(Extracted records)
Content starts

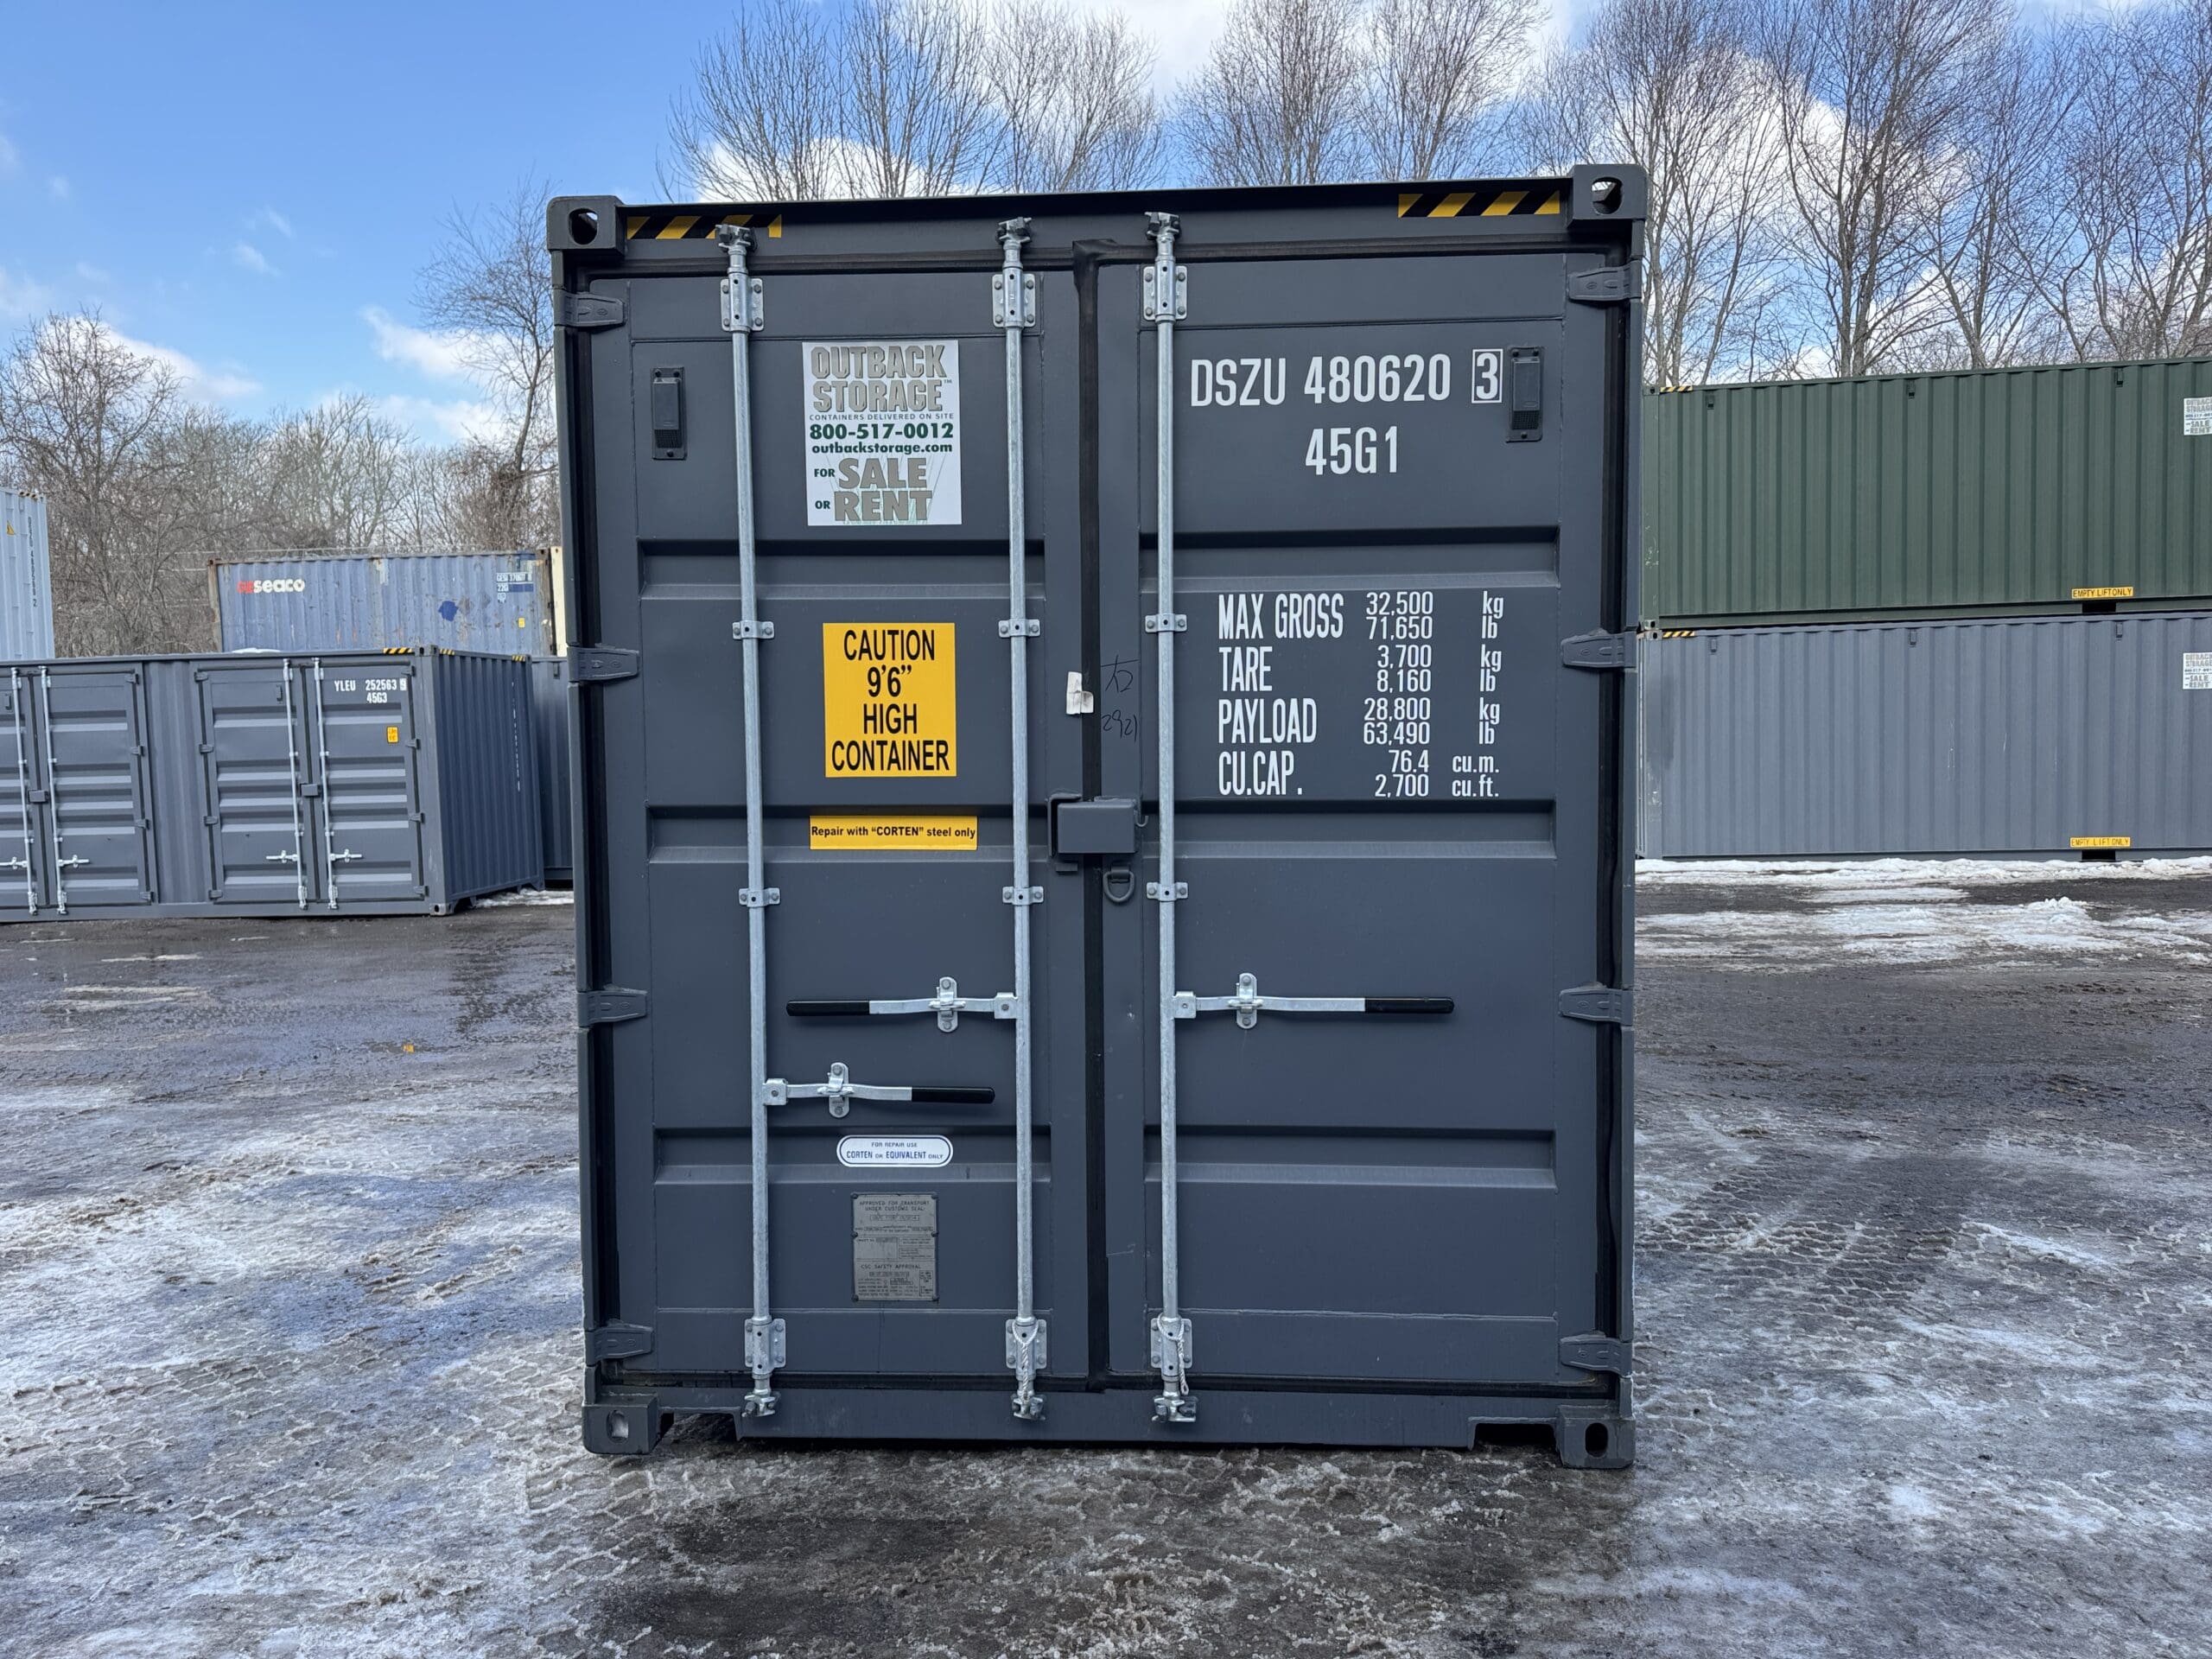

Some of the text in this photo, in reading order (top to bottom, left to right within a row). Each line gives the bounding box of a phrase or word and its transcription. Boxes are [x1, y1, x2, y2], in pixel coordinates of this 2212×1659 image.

[810, 345, 947, 378] OUTBACK
[1190, 352, 1499, 407] DSZU 480620 3
[812, 379, 943, 412] STORAGE
[810, 423, 954, 440] 800-517-0012
[811, 442, 953, 454] outbackstorage.com
[1305, 426, 1397, 475] 45G1
[814, 458, 927, 489] FOR SALE
[815, 491, 932, 521] OR RENT
[2112, 588, 2132, 596] ONLY
[1218, 590, 1504, 639] MAX GROSS 32,500 kg
[1365, 615, 1497, 639] 71,650 lb
[843, 629, 935, 661] CAUTION
[1218, 644, 1502, 691] TARE 3,700 kg
[1376, 669, 1496, 693] 8,160 lb
[334, 680, 356, 691] YLEU
[365, 678, 397, 690] 252563
[863, 703, 918, 734] HIGH
[1218, 697, 1500, 744] PAYLOAD 28,800 kg
[1363, 721, 1494, 746] 63,490 lb
[831, 740, 950, 771] CONTAINER
[1388, 749, 1429, 773] 76.4
[1452, 754, 1499, 773] cu.m.
[1375, 773, 1499, 798] 2,700 cu.ft.
[811, 826, 843, 838] Repair
[847, 826, 868, 836] with
[926, 827, 951, 837] steel
[954, 827, 976, 839] only
[846, 1150, 873, 1159] CORTEN

Content ends

EXERCISE BRIEF:
Each line of the data above is to be output exactly; the pictures are not to appear.

TASK RESPONSE:
Some of the text in this photo, in reading order (top to bottom, left to right within a row). Each line gives the bounding box of a phrase or word and its transcription. Boxes are [x1, y1, x2, y2], in pixel coordinates of this 2212×1659 image.

[810, 345, 947, 378] OUTBACK
[1190, 352, 1499, 407] DSZU 480620 3
[812, 379, 943, 412] STORAGE
[810, 423, 954, 440] 800-517-0012
[811, 442, 953, 454] outbackstorage.com
[1305, 426, 1397, 475] 45G1
[814, 458, 927, 489] FOR SALE
[815, 491, 932, 521] OR RENT
[2112, 588, 2132, 596] ONLY
[1218, 590, 1504, 639] MAX GROSS 32,500 kg
[1365, 615, 1497, 639] 71,650 lb
[843, 629, 935, 661] CAUTION
[1218, 644, 1502, 691] TARE 3,700 kg
[1376, 669, 1496, 693] 8,160 lb
[334, 680, 356, 691] YLEU
[365, 678, 397, 690] 252563
[863, 703, 918, 734] HIGH
[1218, 697, 1500, 744] PAYLOAD 28,800 kg
[1363, 721, 1494, 746] 63,490 lb
[831, 740, 950, 771] CONTAINER
[1388, 749, 1429, 773] 76.4
[1452, 754, 1499, 773] cu.m.
[1375, 773, 1499, 798] 2,700 cu.ft.
[811, 826, 843, 838] Repair
[847, 826, 868, 836] with
[926, 827, 951, 837] steel
[954, 827, 976, 839] only
[846, 1150, 873, 1159] CORTEN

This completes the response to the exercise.